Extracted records
=== Begin Enclosure ===
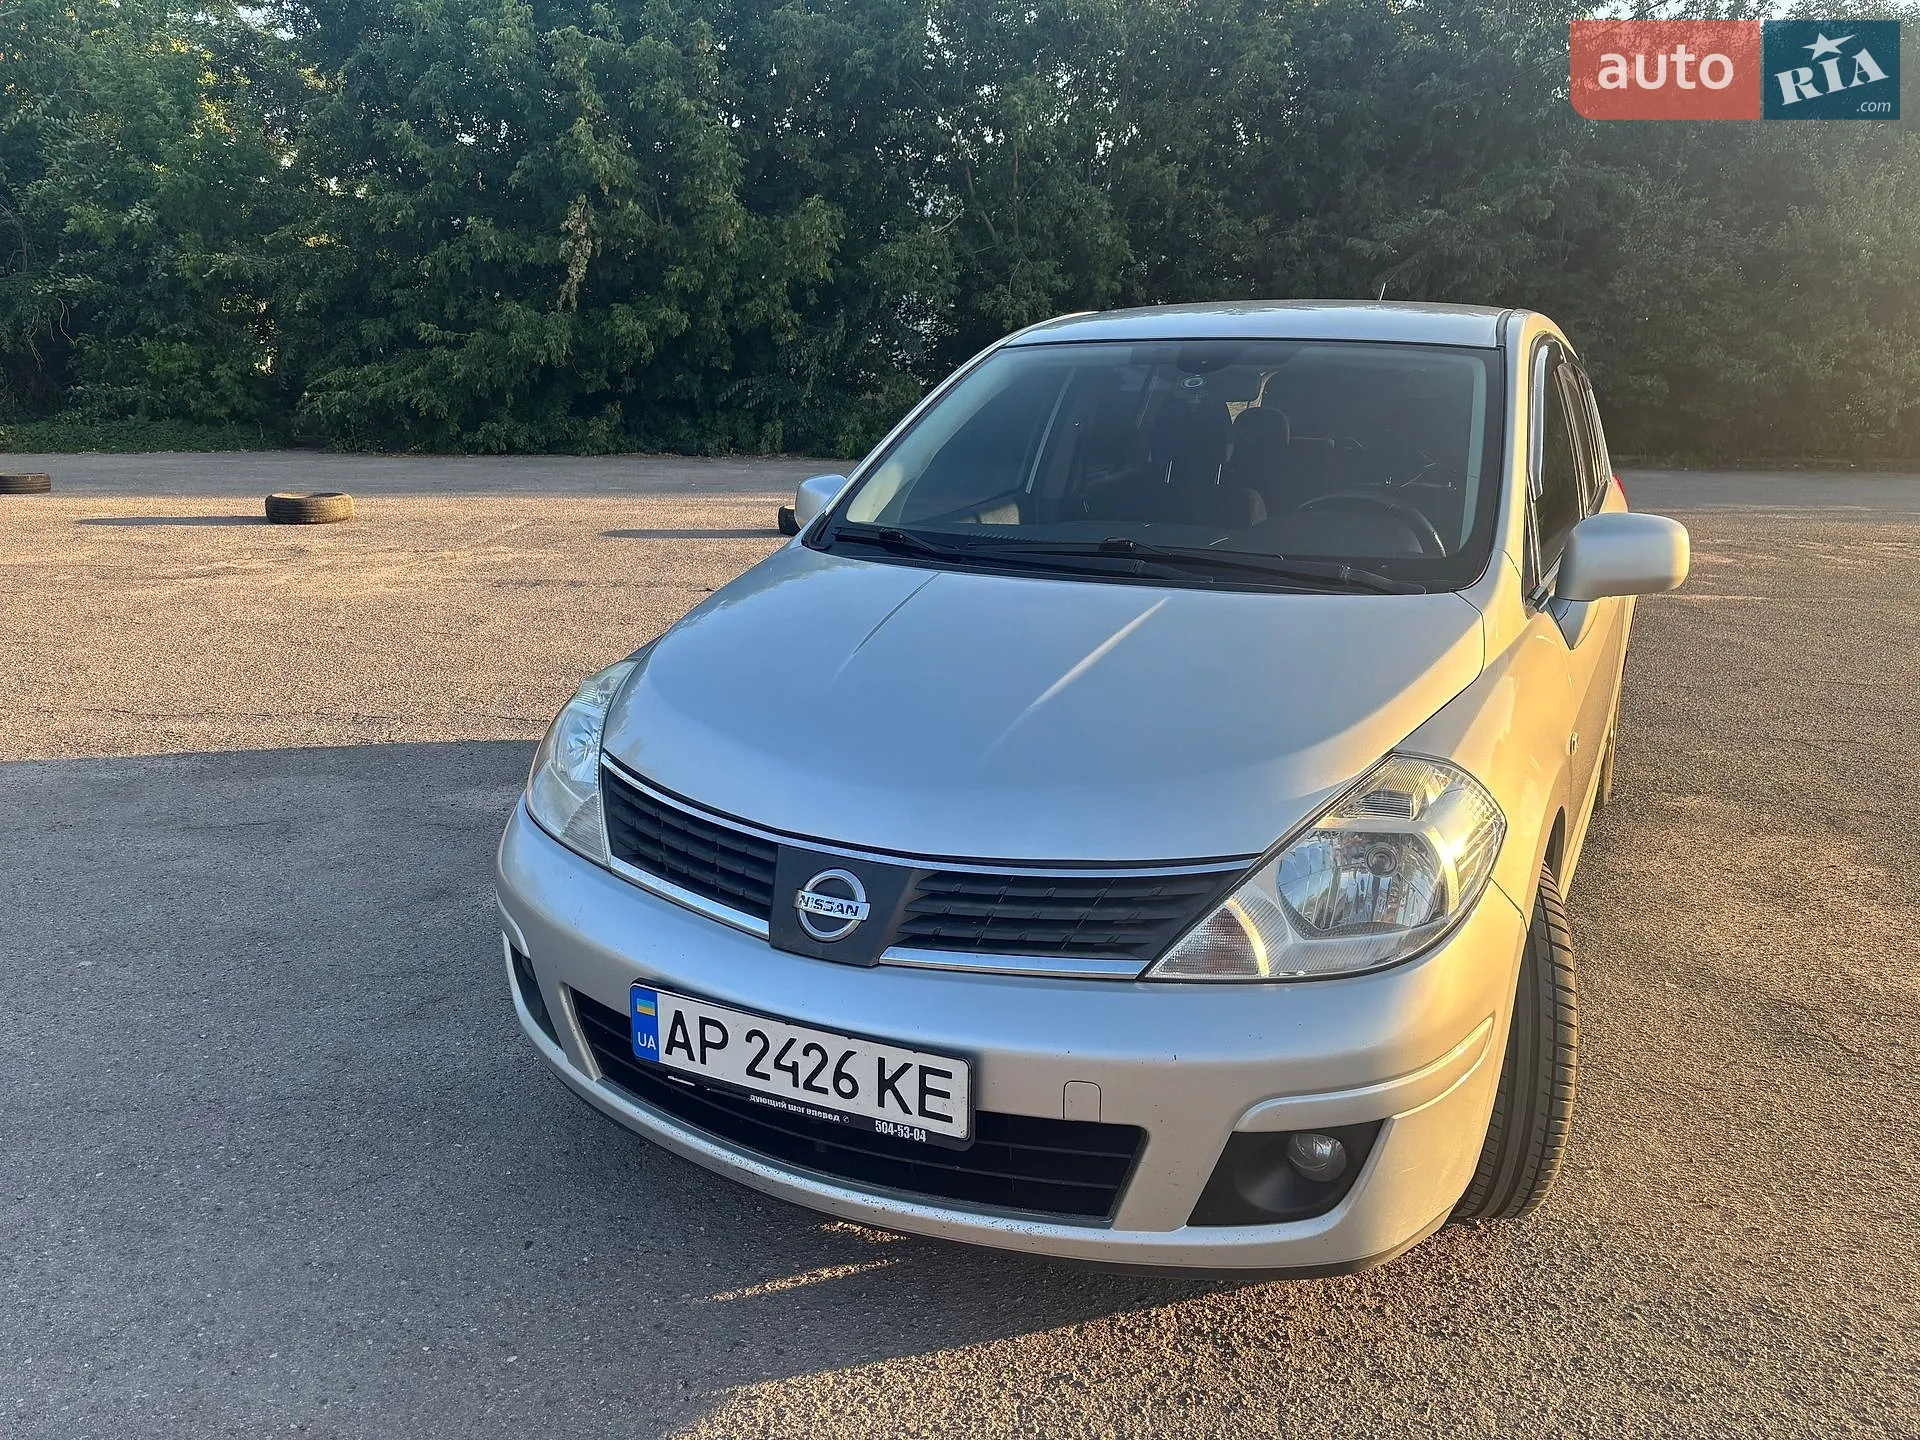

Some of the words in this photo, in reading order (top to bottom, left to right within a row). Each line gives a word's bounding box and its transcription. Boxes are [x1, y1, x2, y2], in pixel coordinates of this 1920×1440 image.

[799, 894, 860, 917] NISSAN
[637, 1031, 657, 1051] UA
[664, 1009, 729, 1065] AP
[745, 1028, 860, 1100] 2426
[877, 1056, 954, 1124] KE
[875, 1119, 927, 1143] 504-53-04
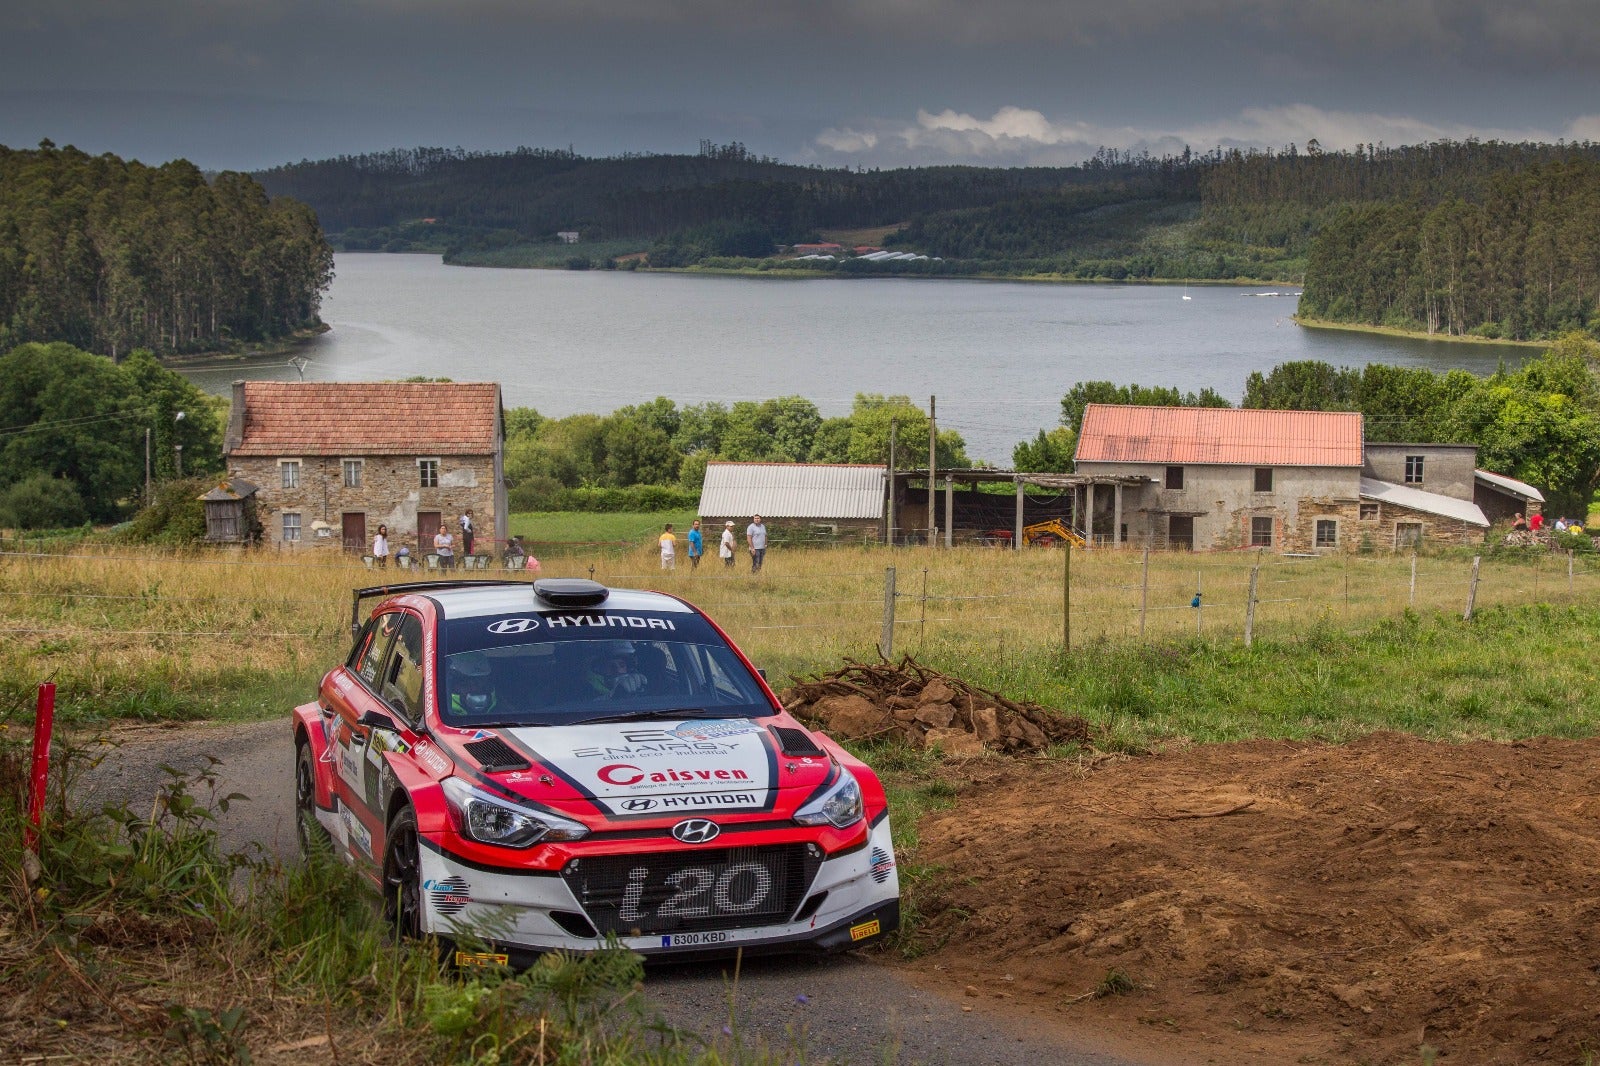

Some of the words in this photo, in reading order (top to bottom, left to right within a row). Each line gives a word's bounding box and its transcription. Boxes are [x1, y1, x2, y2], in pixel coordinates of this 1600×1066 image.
=== End Enclosure ===
Repeat all of the data above word for word, minus the pictures.

Some of the words in this photo, in reading order (top to bottom, left to right within a row). Each line gives a word's bounding box and its transcription. Boxes are [x1, y1, x2, y2], in pixel coordinates of this 1920×1440 image.

[799, 894, 860, 917] NISSAN
[637, 1031, 657, 1051] UA
[664, 1009, 729, 1065] AP
[745, 1028, 860, 1100] 2426
[877, 1056, 954, 1124] KE
[875, 1119, 927, 1143] 504-53-04

Some of the words in this photo, in reading order (top to bottom, left to right within a row). Each line gives a word's bounding box and its transcription. Boxes are [x1, y1, x2, y2], in pixel coordinates of this 1600×1066 image.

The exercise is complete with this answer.